_Assignment:_ The whole listing that follows should be printed again, unchanged.

_Supplied records:_
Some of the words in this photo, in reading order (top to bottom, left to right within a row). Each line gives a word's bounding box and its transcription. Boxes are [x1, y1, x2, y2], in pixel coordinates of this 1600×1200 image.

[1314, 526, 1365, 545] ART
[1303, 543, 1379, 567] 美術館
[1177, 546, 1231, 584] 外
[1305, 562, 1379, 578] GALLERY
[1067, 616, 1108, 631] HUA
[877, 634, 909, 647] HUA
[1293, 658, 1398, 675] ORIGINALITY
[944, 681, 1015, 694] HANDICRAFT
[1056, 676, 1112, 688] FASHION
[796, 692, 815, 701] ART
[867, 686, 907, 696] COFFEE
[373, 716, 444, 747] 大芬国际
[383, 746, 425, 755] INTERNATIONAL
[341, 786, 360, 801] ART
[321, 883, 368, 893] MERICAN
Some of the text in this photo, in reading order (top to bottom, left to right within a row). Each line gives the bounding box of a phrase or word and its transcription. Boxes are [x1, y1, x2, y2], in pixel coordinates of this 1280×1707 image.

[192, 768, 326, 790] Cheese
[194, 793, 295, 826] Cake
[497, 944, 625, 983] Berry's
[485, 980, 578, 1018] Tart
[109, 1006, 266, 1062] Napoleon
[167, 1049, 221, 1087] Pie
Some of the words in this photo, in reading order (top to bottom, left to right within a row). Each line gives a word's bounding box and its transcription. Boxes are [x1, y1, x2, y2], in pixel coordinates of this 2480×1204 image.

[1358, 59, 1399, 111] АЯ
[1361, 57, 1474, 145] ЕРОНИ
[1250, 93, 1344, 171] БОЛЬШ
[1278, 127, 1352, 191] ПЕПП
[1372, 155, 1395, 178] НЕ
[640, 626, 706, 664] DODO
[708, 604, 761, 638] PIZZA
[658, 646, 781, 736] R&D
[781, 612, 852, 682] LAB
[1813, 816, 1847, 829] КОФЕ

_Finished task:_
Some of the words in this photo, in reading order (top to bottom, left to right within a row). Each line gives a word's bounding box and its transcription. Boxes are [x1, y1, x2, y2], in pixel coordinates of this 1600×1200 image.

[1314, 526, 1365, 545] ART
[1303, 543, 1379, 567] 美術館
[1177, 546, 1231, 584] 外
[1305, 562, 1379, 578] GALLERY
[1067, 616, 1108, 631] HUA
[877, 634, 909, 647] HUA
[1293, 658, 1398, 675] ORIGINALITY
[944, 681, 1015, 694] HANDICRAFT
[1056, 676, 1112, 688] FASHION
[796, 692, 815, 701] ART
[867, 686, 907, 696] COFFEE
[373, 716, 444, 747] 大芬国际
[383, 746, 425, 755] INTERNATIONAL
[341, 786, 360, 801] ART
[321, 883, 368, 893] MERICAN
Some of the text in this photo, in reading order (top to bottom, left to right within a row). Each line gives the bounding box of a phrase or word and its transcription. Boxes are [x1, y1, x2, y2], in pixel coordinates of this 1280×1707 image.

[192, 768, 326, 790] Cheese
[194, 793, 295, 826] Cake
[497, 944, 625, 983] Berry's
[485, 980, 578, 1018] Tart
[109, 1006, 266, 1062] Napoleon
[167, 1049, 221, 1087] Pie
Some of the words in this photo, in reading order (top to bottom, left to right within a row). Each line gives a word's bounding box and its transcription. Boxes are [x1, y1, x2, y2], in pixel coordinates of this 2480×1204 image.

[1358, 59, 1399, 111] АЯ
[1361, 57, 1474, 145] ЕРОНИ
[1250, 93, 1344, 171] БОЛЬШ
[1278, 127, 1352, 191] ПЕПП
[1372, 155, 1395, 178] НЕ
[640, 626, 706, 664] DODO
[708, 604, 761, 638] PIZZA
[658, 646, 781, 736] R&D
[781, 612, 852, 682] LAB
[1813, 816, 1847, 829] КОФЕ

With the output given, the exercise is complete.